↓
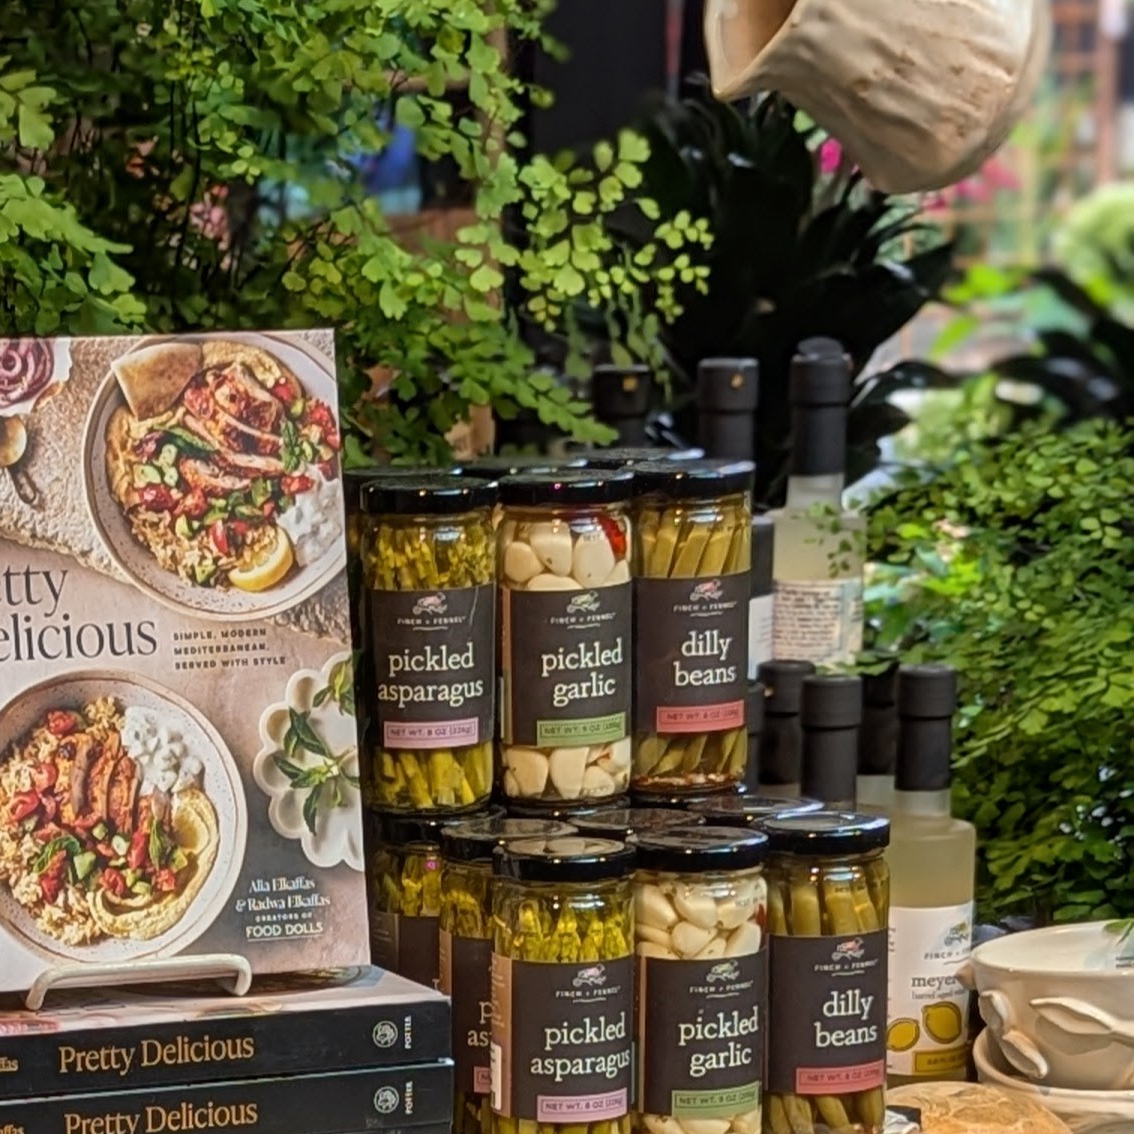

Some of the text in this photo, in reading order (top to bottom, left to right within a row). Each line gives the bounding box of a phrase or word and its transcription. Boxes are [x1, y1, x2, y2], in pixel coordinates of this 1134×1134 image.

[221, 629, 266, 638] MODERN
[681, 630, 732, 660] dilly
[175, 656, 286, 669] SERVED WITH STYLE
[389, 642, 474, 677] pickled
[542, 638, 623, 677] pickled
[673, 661, 737, 686] beans
[378, 679, 483, 708] asparagus
[553, 672, 616, 707] garlic
[246, 922, 323, 938] FOOD DOLLS
[924, 951, 952, 960] FINCH
[823, 989, 874, 1020] dilly
[545, 1012, 626, 1050] pickled
[679, 1006, 759, 1045] pickled
[814, 1022, 877, 1047] beans
[58, 1034, 255, 1076] Pretty Delicious
[531, 1049, 630, 1081] asparagus
[690, 1042, 752, 1076] garlic
[145, 1102, 259, 1134] Delicious
[592, 1101, 603, 1109] OZ
↑
#### [Work to complete]
The material above should be printed again exactly, with each picture left out.

#### [Exercise output]
Some of the text in this photo, in reading order (top to bottom, left to right within a row). Each line gives the bounding box of a phrase or word and its transcription. Boxes are [x1, y1, x2, y2], in pixel coordinates of this 1134×1134 image.

[221, 629, 266, 638] MODERN
[681, 630, 732, 660] dilly
[175, 656, 286, 669] SERVED WITH STYLE
[389, 642, 474, 677] pickled
[542, 638, 623, 677] pickled
[673, 661, 737, 686] beans
[378, 679, 483, 708] asparagus
[553, 672, 616, 707] garlic
[246, 922, 323, 938] FOOD DOLLS
[924, 951, 952, 960] FINCH
[823, 989, 874, 1020] dilly
[545, 1012, 626, 1050] pickled
[679, 1006, 759, 1045] pickled
[814, 1022, 877, 1047] beans
[58, 1034, 255, 1076] Pretty Delicious
[531, 1049, 630, 1081] asparagus
[690, 1042, 752, 1076] garlic
[145, 1102, 259, 1134] Delicious
[592, 1101, 603, 1109] OZ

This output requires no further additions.